Police assistance is nothing new. Bilateral police assistance was common in the 1960s and resembled the training and reform activities that UN police contingents have engaged in since the 1990s and which are currently in the spotlight. Historically, assistance to police forces was provided by external powers in order to prop up unstable client regimes or strengthen insurgency groups. When, however, these police forces and, implicitly, the assistance for them were linked to human rights abuses, police support became taboo for many donors. It was also subject to restrictions due to more general concerns about the sacrosanct principle of non-intervention in the internal affairs of other states.

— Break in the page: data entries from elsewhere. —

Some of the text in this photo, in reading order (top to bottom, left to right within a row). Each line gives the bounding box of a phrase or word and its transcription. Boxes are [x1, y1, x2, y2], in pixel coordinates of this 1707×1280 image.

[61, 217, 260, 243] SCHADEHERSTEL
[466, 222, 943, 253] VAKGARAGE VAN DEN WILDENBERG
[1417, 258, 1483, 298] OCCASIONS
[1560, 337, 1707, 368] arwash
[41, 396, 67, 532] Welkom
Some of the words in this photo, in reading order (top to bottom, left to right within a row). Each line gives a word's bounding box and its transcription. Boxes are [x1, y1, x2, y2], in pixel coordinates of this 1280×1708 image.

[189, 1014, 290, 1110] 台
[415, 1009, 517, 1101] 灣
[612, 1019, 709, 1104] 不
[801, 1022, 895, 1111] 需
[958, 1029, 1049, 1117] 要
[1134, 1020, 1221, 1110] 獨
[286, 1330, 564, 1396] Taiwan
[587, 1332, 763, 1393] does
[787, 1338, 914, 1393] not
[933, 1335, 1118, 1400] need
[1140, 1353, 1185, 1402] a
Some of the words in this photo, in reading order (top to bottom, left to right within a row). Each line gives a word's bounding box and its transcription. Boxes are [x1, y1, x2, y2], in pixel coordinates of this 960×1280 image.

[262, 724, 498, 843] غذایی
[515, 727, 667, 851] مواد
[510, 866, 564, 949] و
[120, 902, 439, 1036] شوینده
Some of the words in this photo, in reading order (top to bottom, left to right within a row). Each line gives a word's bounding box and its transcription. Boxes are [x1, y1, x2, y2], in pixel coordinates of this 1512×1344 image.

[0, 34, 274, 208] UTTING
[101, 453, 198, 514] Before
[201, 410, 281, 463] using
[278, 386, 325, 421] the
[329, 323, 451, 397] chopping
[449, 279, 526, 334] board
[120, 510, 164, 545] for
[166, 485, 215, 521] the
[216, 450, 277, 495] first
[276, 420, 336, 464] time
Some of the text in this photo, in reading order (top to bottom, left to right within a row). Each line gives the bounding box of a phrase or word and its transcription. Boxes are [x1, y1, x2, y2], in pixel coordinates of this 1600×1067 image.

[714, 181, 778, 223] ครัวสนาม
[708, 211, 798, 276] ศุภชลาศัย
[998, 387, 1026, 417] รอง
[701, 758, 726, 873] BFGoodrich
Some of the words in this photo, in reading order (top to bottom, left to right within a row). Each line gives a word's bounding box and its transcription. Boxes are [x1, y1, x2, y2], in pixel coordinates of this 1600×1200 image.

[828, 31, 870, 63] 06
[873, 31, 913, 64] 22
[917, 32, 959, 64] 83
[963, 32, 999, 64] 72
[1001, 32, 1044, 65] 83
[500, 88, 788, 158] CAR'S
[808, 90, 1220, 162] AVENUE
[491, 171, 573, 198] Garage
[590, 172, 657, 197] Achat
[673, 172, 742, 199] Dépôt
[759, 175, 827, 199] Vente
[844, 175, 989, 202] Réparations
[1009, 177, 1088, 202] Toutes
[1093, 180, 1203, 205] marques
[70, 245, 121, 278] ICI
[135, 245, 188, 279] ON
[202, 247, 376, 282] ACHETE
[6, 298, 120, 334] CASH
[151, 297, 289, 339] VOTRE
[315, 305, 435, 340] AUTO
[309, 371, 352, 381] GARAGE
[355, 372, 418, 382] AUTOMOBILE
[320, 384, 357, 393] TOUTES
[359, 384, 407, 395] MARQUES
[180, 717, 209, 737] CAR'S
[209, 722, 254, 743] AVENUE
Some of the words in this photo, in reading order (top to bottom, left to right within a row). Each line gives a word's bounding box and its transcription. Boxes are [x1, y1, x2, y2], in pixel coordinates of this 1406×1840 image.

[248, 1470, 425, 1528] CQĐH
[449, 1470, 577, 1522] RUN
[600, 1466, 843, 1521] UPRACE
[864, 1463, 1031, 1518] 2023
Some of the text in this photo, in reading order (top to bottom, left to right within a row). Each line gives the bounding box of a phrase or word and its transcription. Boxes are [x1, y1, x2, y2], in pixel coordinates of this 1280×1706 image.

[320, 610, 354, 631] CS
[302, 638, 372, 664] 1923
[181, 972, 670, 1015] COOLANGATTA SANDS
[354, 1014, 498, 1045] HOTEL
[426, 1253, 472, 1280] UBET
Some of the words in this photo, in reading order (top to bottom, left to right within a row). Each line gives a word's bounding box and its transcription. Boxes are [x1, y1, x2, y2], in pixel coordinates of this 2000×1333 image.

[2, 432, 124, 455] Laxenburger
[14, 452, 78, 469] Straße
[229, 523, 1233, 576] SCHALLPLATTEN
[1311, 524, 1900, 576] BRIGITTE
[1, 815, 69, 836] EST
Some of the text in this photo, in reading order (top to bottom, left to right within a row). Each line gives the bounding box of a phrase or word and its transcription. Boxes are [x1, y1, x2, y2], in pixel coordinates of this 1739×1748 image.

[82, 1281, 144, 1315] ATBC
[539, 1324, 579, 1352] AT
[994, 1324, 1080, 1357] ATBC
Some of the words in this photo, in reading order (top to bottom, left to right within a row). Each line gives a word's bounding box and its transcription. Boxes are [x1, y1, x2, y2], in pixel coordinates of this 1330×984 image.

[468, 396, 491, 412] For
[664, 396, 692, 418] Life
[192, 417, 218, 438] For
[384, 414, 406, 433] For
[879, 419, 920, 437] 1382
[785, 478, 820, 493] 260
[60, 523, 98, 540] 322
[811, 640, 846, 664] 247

Clearly, this attitude has changed and more intrusive outside intervention has become politically acceptable: internal security forces are seen as institutions of public service and protection that form the backbone of a democratic society. Although presented as a noble cause, the change in perception is closely linked to the view that a reform of internal security structures is perhaps the best safeguard against continued instability and the threat of refugee flows and organised crime that emanates from conflict areas.